26 de septiembre de 1997

INCÓGNITAS UNIVERSITARIAS



El Norte de Castilla, 26 de Septiembre de 1997



A pesar de que no resulta fácil muchas veces captar los numerosos matices de la compleja vida universitaria para quien se encuentre fuera de ella, no es bueno mostrar indiferencia ante una realidad que a todos afecta de una u otra manera. Si, en unos casos reviste un significado más personal y directo, al haber participado de sus actividades en alguna etapa de la vida, en otros su dimensión posee una dimensión más general y socialmente integradora como corresponde a la propia de un servicio que tiene mucho que ver con el desarrollo global de un país y con la transformación cualitativa de sus ciudadanos.

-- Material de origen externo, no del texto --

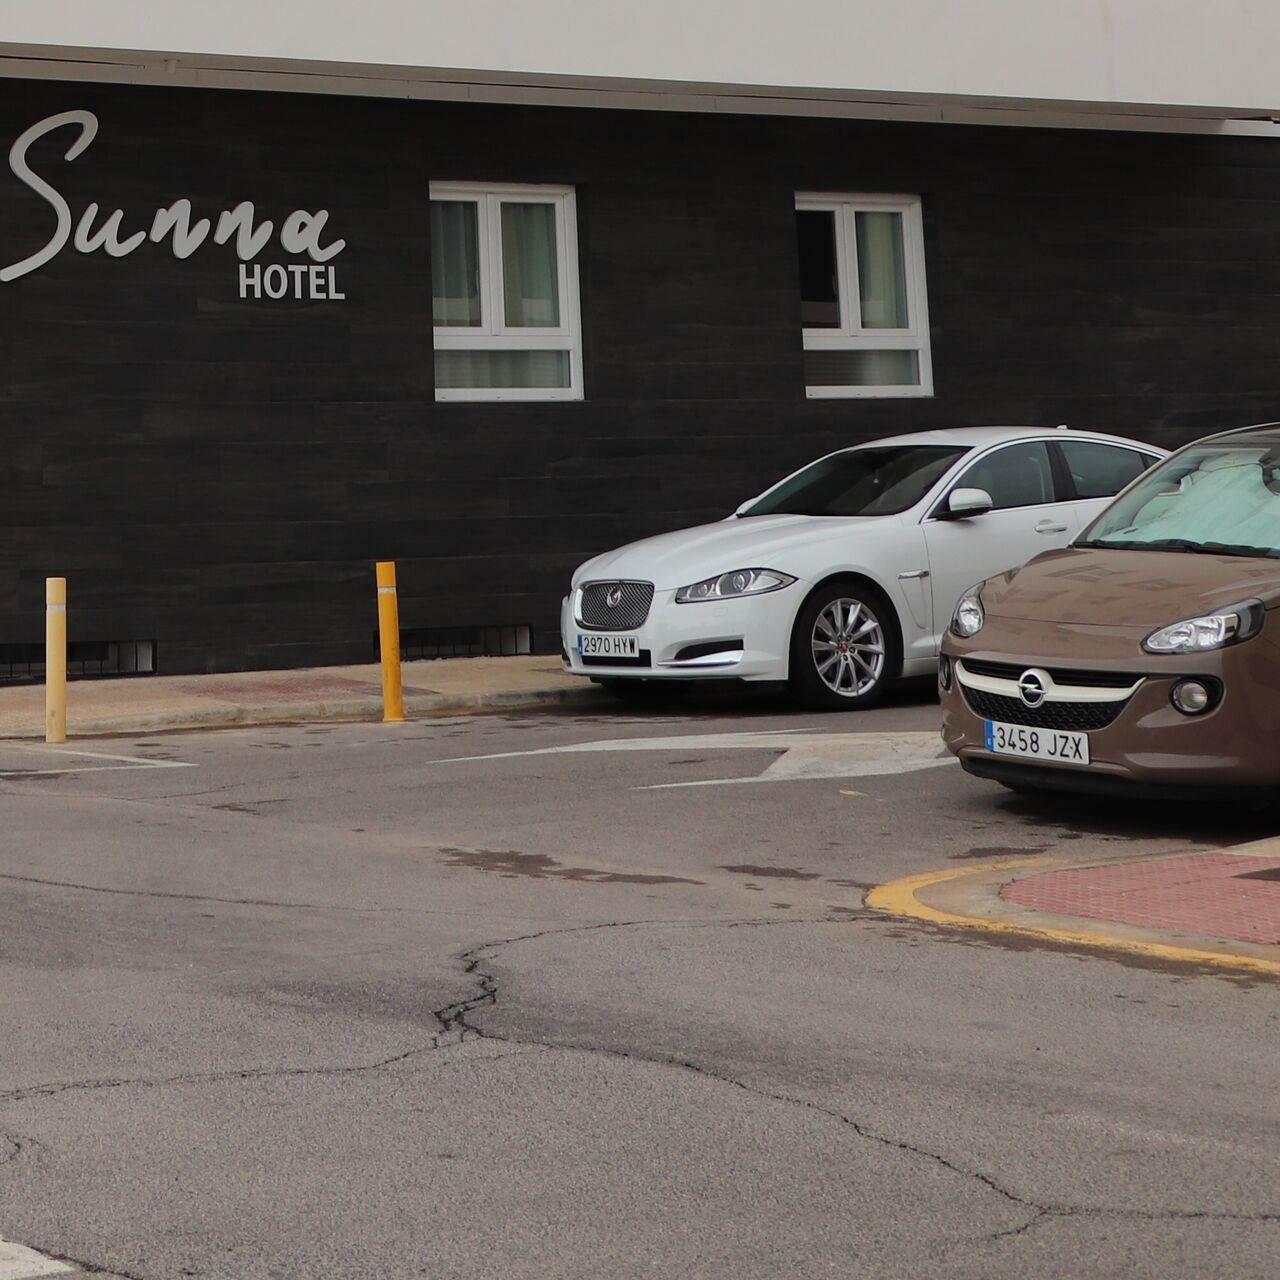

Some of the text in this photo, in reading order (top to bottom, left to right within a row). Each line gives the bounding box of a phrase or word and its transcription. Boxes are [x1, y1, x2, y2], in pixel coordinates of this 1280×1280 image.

[238, 263, 345, 300] HOTEL
[584, 637, 635, 654] 2970 HYW
[997, 727, 1082, 759] 3458 JZX

Y es que, por más que a veces la legítima denuncia de determinadas conductas empañe la imagen o se tenga incluso la impresión de que muchos de los adelantos e innovaciones ocurridos en aspectos claves de la cultura o de la ciencia emergen fuera de los límites del mundo académico, lo cierto es que, dentro de ese clima de responsabilidad discreta del que participan no pocos de sus miembros, sería injusto pasar por alto las numerosas muestras de rigor y de solvencia intelectuales provenientes de prestigiosos Departamentos e Institutos universitarios, como año tras año se encargan de demostrar los balances científicos realizados.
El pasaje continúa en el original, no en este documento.